Jakarta (ANTARA News) - Utusan Khusus Presiden untuk Pengendalian Perubahan Iklim Rachmat Witoelar mengatakan pengelolaan karbon biru dengan serius bisa menjadi peluang bagi Indonesia untuk lebih ambisius menurunkan emisi Gas Rumah Kaca (GRK).

"Ini kalau benar dikelola, Indonesia bisa menambah presentase target penurunan emisi. NDC (Nationally Determined Contributions-red) Indonesia bisa lebih ambisius," kata Rachmat Witoelar usai menghadiri The 1st World Blue Carbon Conference di Jakarta, Kamis.

NDC pertama Indonesia yang telah disampaikan kepada United Nations Framework Convention on Climate Change (UNFCCC) pada November 2016, sebagai bentuk kontribusi Indonesia untuk mengimplementasikan Persetujuan Paris yang diratifikasi melalui Undang-Undang Nomor 16 tahun 2016, menargetkan penurunan emisi GRK sebesar 29 persen dengan kemampuan sendiri (unconditional) dan sampai dengan 41 persen dengan dukungan internasional (conditional) dibandingkan dengan tanpa ada aksi (business as usual) pada 2030.

Target tersebut akan dicapai melalui penurunan emisi GRK sektor kehutanan (17,2 persen), energi (11 persen), pertanian (0,32 persen), industri (0,10 persen) dan limbah (0,38 persen).

Dengan menambahkan sektor kelautan untuk penyerapan karbon, menurut Rachmat, tentu target penurunan emisi Indonesia bisa lebih ambisius dari 29 persen di 2030.

"Tidak perlu sampai merubah NDC, ini kan sifatnya penambahan sektor, justru penyerapan karbonnya bisa lebih besar, lebih ambisius," ujar Menteri Lingkungan Hidup pada Kabinet Indonesia Bersatu ini.

Deputi Bidang SDM, Iptek dan Budaya Maritim Kementerian Koordinator Maritim Safri Burhanuddin pada pembukaan Indonesia Climate Change Forum and Expo 2017 mengatakan berbeda dengan ekosistem daratan yang cenderung tidak akan bertambah pada saat tertentu, ekosistem pesisir mampu menyerap dan menyimpan karbon dalam sendimen secara terus-menerus dalam kurun waktu yang lama bila di kelola dengan baik.

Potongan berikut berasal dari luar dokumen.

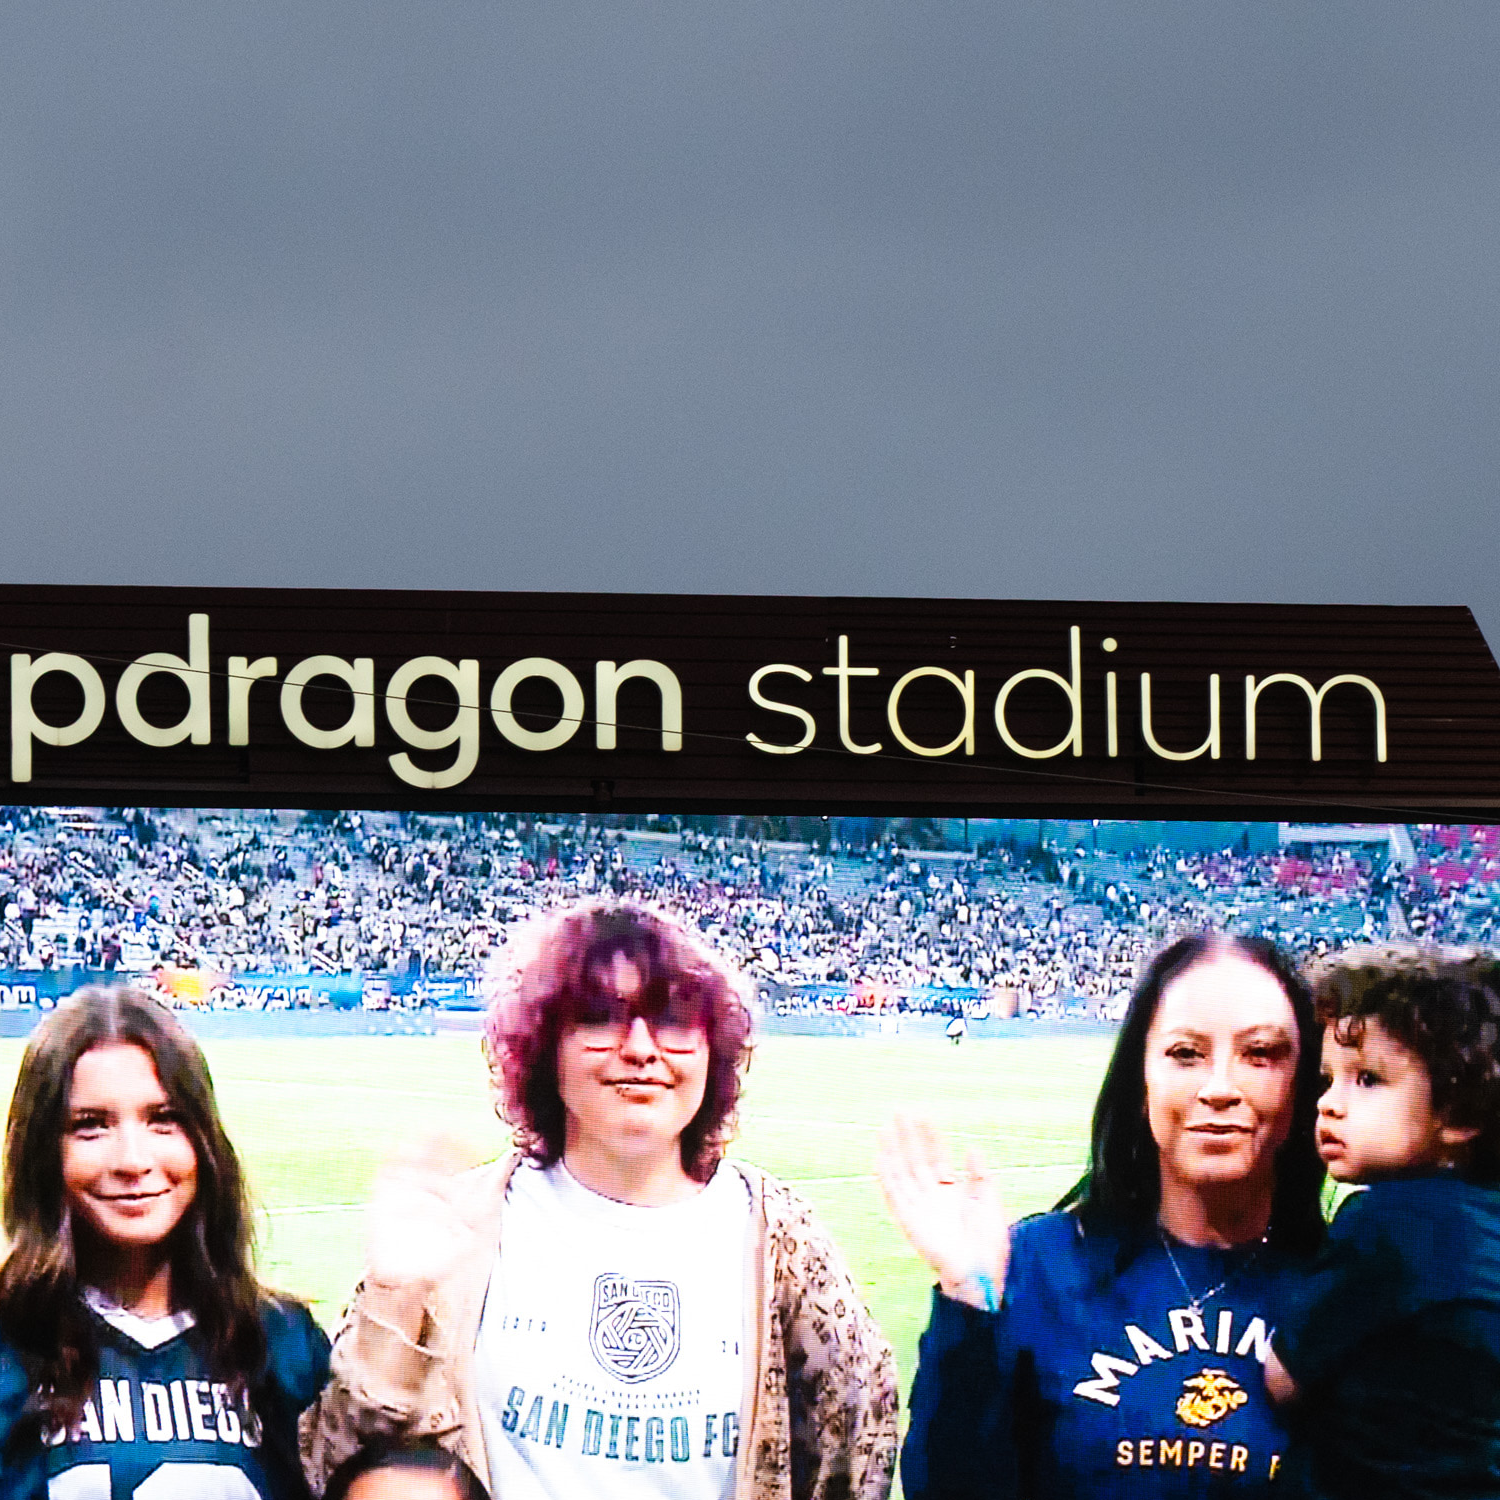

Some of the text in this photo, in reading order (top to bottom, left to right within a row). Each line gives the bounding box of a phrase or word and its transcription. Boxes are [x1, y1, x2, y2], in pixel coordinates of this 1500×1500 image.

Terdapat tiga ekosistem yang berpotensi sebagai karbon biru yakni mangrove, padang lamun dan kawasan payau. Vegetasi pesisir seperti hutan bakau, padang lamun, rumput laut dan ekosistem pesisir, menurut dia, diyakini dapat menyimpan karbon 100 kali lebih banyak dan lebih permanen dibandingkan dengan hutan di daratan.

Sementara itu, Kepala Penasihat Teknis Proyek Penelitian BlueCares dari Tokyo Institute of Technology Kazuo Nadaoka dalam presentasinya di The 1st World Blue Carbon Conference justru menunjukkan bahwa sebagian perairan Indonesia melepas karbon, terutama di Laut Jawa.

Ia juga mengatakan bahwa segi tiga terumbu karang dunia memang area paling kaya keanekaragaman hayati. Namun hal yang perlu diingat yakni penurunan dengan cepat kondisi ekosistem pesisir justru akan menyebabkan pelepasan karbon kembali ke atmosfir.

Dalam paparannya ia juga menyebutkan bahwa 55 persen dari total stok karbon organik di dunia dimiliki oleh organisme laut. Namun, setiap tahunnya 0,5 sampai dengan 3 persen organisme laut telah hilang akibat degradasi lingkungan pesisir dan lain-lain.